Top of Information given

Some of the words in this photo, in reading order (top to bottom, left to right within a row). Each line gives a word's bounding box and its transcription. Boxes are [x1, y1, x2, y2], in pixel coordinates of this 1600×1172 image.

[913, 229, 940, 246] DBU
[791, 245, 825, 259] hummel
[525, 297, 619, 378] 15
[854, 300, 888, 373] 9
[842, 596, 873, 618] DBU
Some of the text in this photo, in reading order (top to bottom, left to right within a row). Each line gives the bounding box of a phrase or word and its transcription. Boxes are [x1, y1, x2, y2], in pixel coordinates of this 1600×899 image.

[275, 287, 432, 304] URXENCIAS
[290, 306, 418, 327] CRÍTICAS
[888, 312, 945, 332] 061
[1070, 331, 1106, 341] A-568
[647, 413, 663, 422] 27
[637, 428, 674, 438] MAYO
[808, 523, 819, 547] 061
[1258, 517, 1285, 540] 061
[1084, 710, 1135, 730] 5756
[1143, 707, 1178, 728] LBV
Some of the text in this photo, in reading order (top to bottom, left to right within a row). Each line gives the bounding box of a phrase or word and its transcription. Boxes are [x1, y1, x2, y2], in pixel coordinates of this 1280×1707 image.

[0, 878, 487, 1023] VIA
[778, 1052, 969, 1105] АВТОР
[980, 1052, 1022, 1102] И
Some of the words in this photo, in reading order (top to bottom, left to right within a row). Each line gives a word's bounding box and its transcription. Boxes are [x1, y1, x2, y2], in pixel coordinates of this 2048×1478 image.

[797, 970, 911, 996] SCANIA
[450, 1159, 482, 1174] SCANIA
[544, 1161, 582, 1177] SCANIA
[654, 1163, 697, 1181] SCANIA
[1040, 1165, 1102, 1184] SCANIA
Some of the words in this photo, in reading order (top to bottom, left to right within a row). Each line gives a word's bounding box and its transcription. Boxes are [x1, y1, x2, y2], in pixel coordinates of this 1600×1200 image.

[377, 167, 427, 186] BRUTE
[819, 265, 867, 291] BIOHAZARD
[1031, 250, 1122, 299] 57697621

Bottom of Information given

Copy out the entire material exactly.

Response to this exercise:
Some of the words in this photo, in reading order (top to bottom, left to right within a row). Each line gives a word's bounding box and its transcription. Boxes are [x1, y1, x2, y2], in pixel coordinates of this 1600×1172 image.

[913, 229, 940, 246] DBU
[791, 245, 825, 259] hummel
[525, 297, 619, 378] 15
[854, 300, 888, 373] 9
[842, 596, 873, 618] DBU
Some of the text in this photo, in reading order (top to bottom, left to right within a row). Each line gives the bounding box of a phrase or word and its transcription. Boxes are [x1, y1, x2, y2], in pixel coordinates of this 1600×899 image.

[275, 287, 432, 304] URXENCIAS
[290, 306, 418, 327] CRÍTICAS
[888, 312, 945, 332] 061
[1070, 331, 1106, 341] A-568
[647, 413, 663, 422] 27
[637, 428, 674, 438] MAYO
[808, 523, 819, 547] 061
[1258, 517, 1285, 540] 061
[1084, 710, 1135, 730] 5756
[1143, 707, 1178, 728] LBV
Some of the text in this photo, in reading order (top to bottom, left to right within a row). Each line gives the bounding box of a phrase or word and its transcription. Boxes are [x1, y1, x2, y2], in pixel coordinates of this 1280×1707 image.

[0, 878, 487, 1023] VIA
[778, 1052, 969, 1105] АВТОР
[980, 1052, 1022, 1102] И
Some of the words in this photo, in reading order (top to bottom, left to right within a row). Each line gives a word's bounding box and its transcription. Boxes are [x1, y1, x2, y2], in pixel coordinates of this 2048×1478 image.

[797, 970, 911, 996] SCANIA
[450, 1159, 482, 1174] SCANIA
[544, 1161, 582, 1177] SCANIA
[654, 1163, 697, 1181] SCANIA
[1040, 1165, 1102, 1184] SCANIA
Some of the words in this photo, in reading order (top to bottom, left to right within a row). Each line gives a word's bounding box and its transcription. Boxes are [x1, y1, x2, y2], in pixel coordinates of this 1600×1200 image.

[377, 167, 427, 186] BRUTE
[819, 265, 867, 291] BIOHAZARD
[1031, 250, 1122, 299] 57697621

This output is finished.